AUGUSTA — The first horse in Maine to test positive for Eastern equine encephalitis in four years had to be euthanized last weekend.

Dr. Michele Walsh, the state veterinarian, confirmed Wednesday that the horse, which was stabled at a property in Oxford County, tested positive after displaying symptoms from the disease that is transmitted through the bite of an infected mosquito.

Walsh declined to identify the town in Oxford County where the horse lived. It is the first reported case of EEE in Oxford County.

Eight pools of mosquitoes have tested positive for EEE in York County this year. Maine last saw EEE in horses in 2009 when 15 horses died of the disease.

“We think it’s important for Oxford County residents to realize that mosquitoes pay no mind to county boundaries,” she said.

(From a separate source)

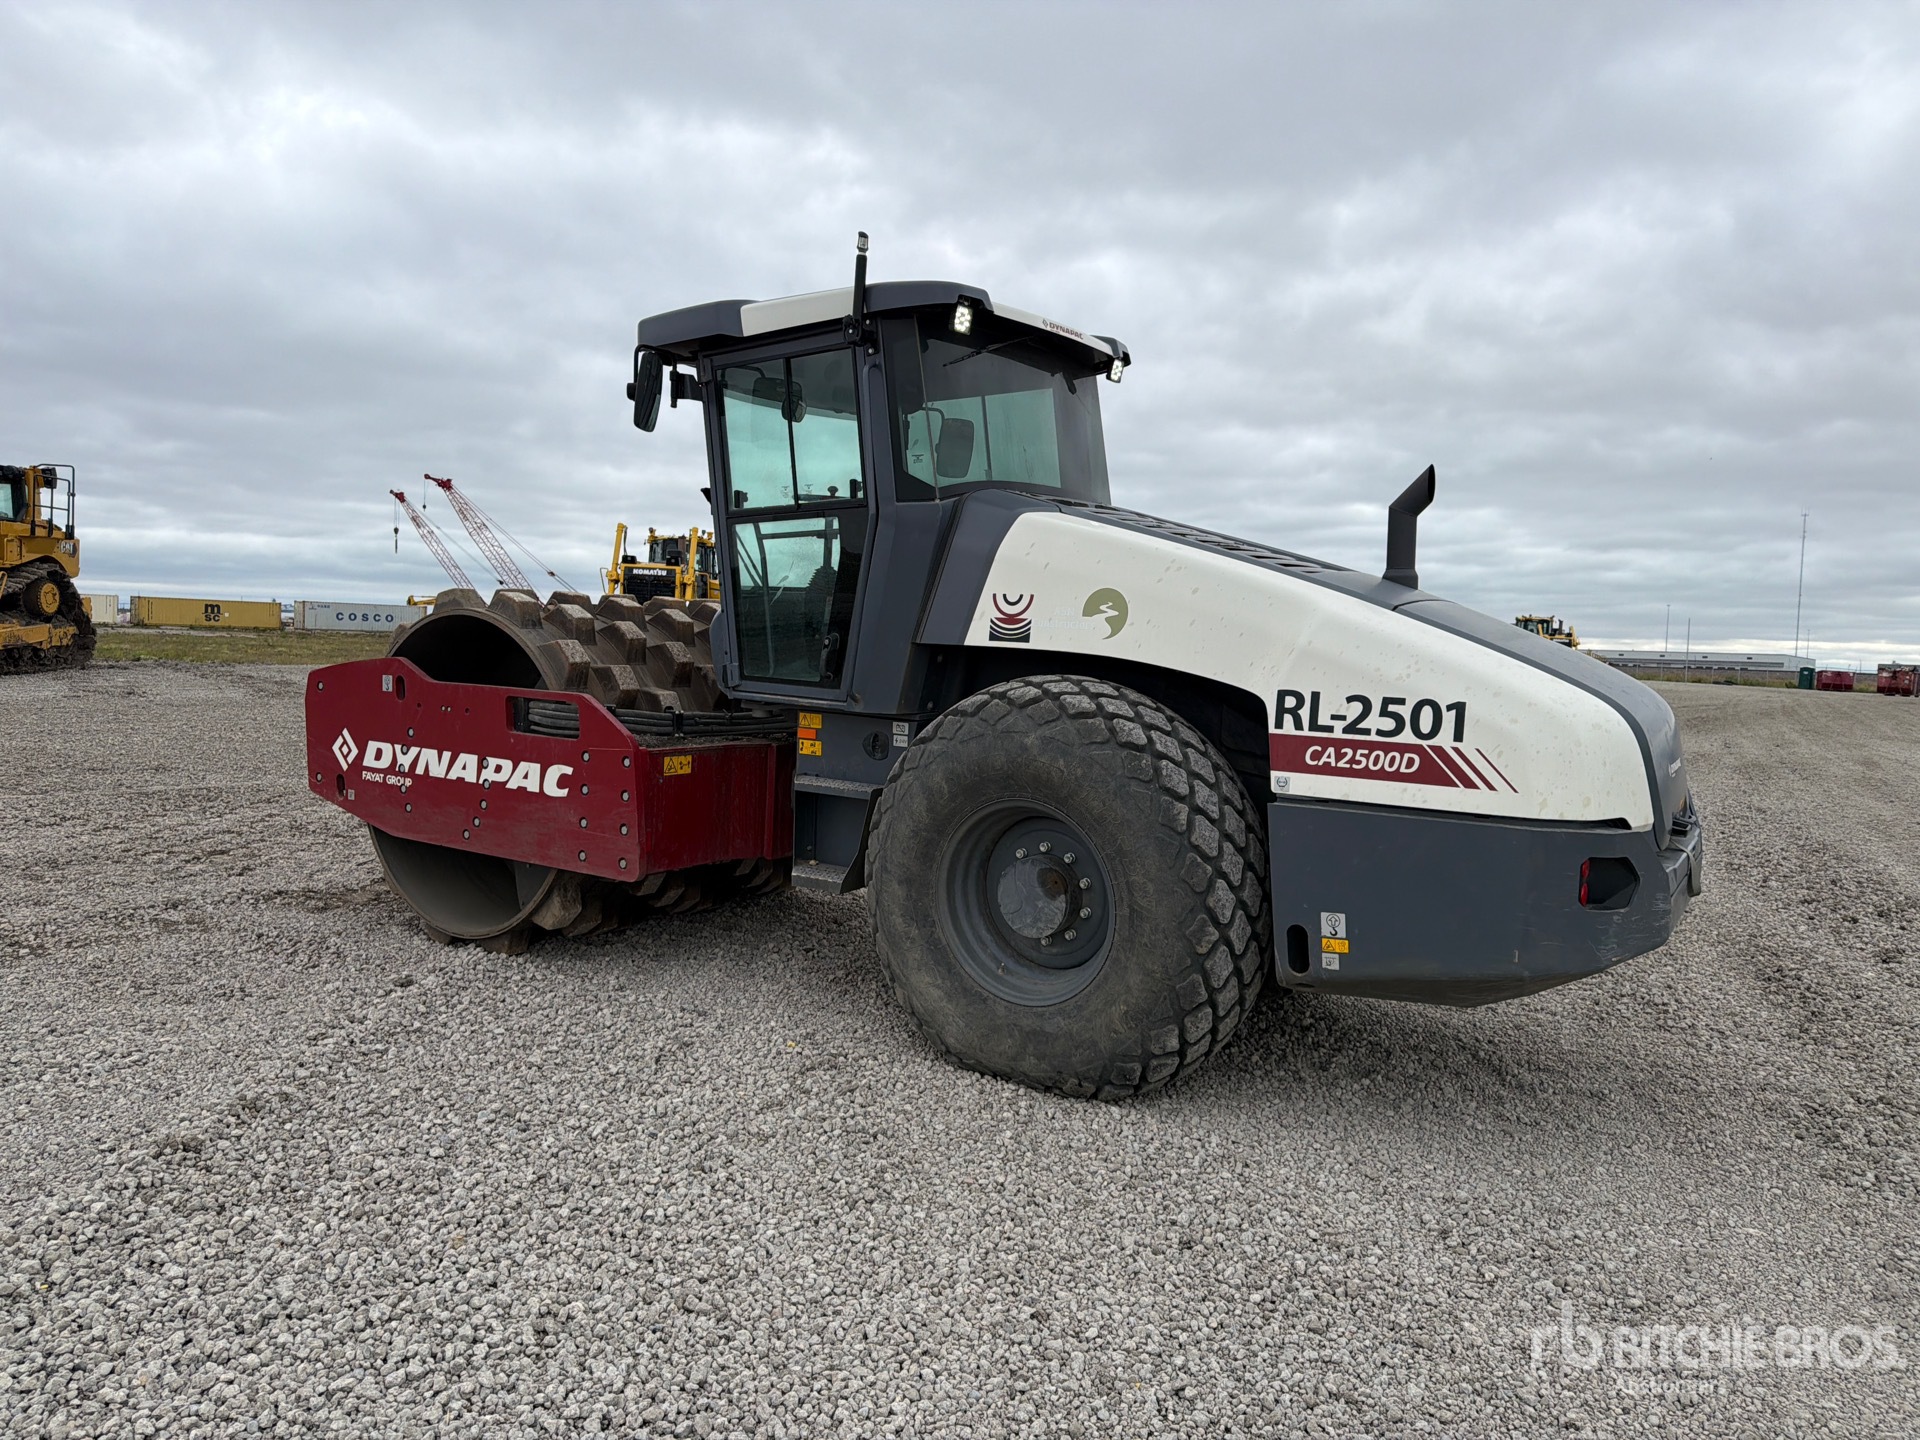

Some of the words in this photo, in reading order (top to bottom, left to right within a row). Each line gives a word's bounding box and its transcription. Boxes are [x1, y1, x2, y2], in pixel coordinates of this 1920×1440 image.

Walsh said the best protection against EEE is to make sure that a horse receives a booster dose every six months, and if possible, just before mosquito season begins in May.

The horse that died was vaccinated for EEE and West Nile virus about a year ago, but had not been given a booster dose, Walsh said.

“EEE , which is carried by mosquitoes, is a fatal, viral disease in horses. The virus can affect human beings if they are bitten by mosquitoes that carry the virus,” Walsh said in a statement that was issued Wednesday. “People cannot acquire EEE infection from sick animals, only from the bite of an infected mosquito.”

Walsh said the horse’s owner contacted a local veterinarian last week after the animal began falling asleep on its feet, was unsteady when it walked, and seemed to have trouble seeing.

Other symptoms of EEE in an horse may include: head pressing, tremors, circling and seizures.

EEE has been known to infect llamas, alpacas and emus, ostriches and other farm birds, such as quail and ducks.

A flock of pheasants in the town of Lebanon tested positive for EEE last year, according to Walsh.

Walsh said she is not surprised that EEE infected a horse in Maine. Massachusetts has confirmed at least two cases of EEE in horses this year.

“We expected to see some level of infection in Maine so this is not a shock. The good news is we are at the end of mosquito season,” Walsh said.

Dr. Sheila Pinette, director of the Maine Center for Disease Control, said the EEE in horses should serve as a reminder that people are at risk too.